Figure 4. Renin^null mural cells comprise 2 phenotypically different groups of cells.

(A) Schematic of scRNA-Seq of Renin^null cells and other vascular SMCs. Fluorescent cells from Ren1^c–/– Myh11-CreER^T2 tdTomato Ren1^c-YFP mouse kidneys were isolated by FACS. scRNA-Seq was performed with the 10x Genomics Chromium System. (B) The UMAP with all the cells after normalization and volcano plots and feature plots for YFP and Akr1b7. Respectively, 0.95% and 20.9% of the cells were positive for YFP and Akr1b7. (C) Violin plots of representative DEGs between Akr1b7-negative cells and Akr1b7-positive cells. (D) Heatmap analysis with DEGs between Akr1b7-negative cells and Akr1b7-positive cells. (E) Violin plots from C1 scRNA-Seq and ISH for Klk1 and Mafb mRNA in WT and the Ren1^c-KO kidneys.
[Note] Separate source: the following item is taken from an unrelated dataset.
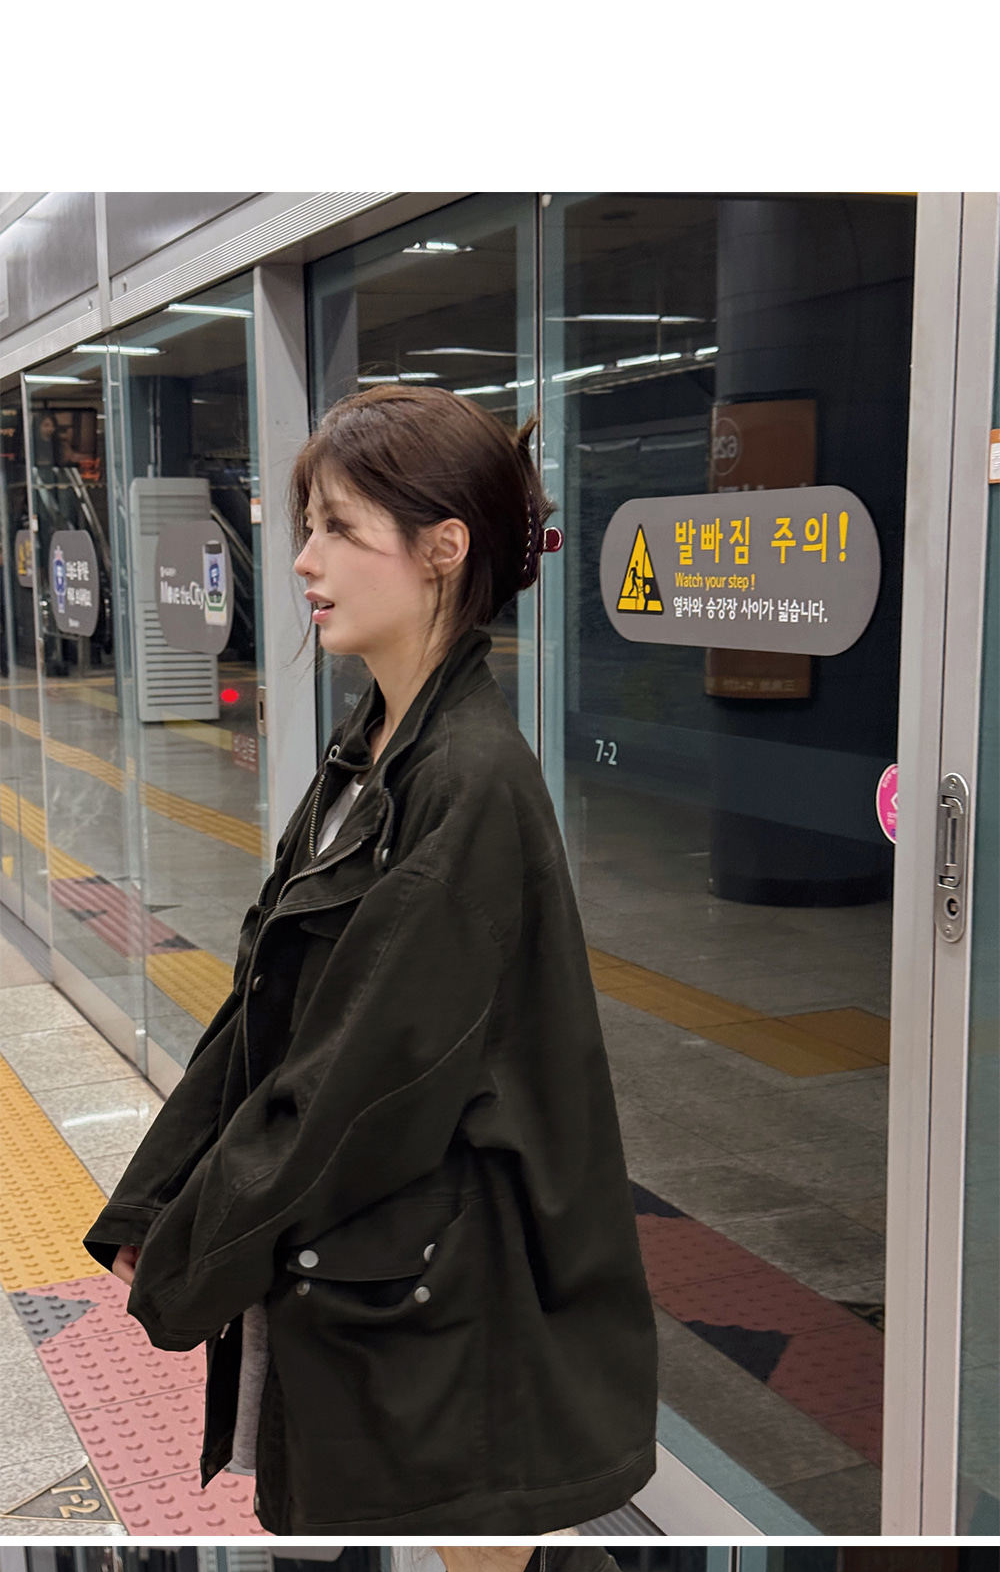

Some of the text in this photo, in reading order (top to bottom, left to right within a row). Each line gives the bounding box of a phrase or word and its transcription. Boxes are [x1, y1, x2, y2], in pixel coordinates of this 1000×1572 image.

Arrows indicate hypertrophic afferent arterioles. Scale bars: 50 μm. DEGs, differentially expressed genes; FACS, fluorescence-activated cell sorting; GO, Gene Ontology; ISH, in situ hybridization; Mafb, v-maf musculoaponeurotic fibrosarcoma oncogene family, protein B; Ren1^c-KO, Ren1^c gene knockout; scRNA-Seq, single-cell RNA sequencing; SMCs, smooth muscle cells; UMAP, uniform manifold approximation and projection; WT, wild-type.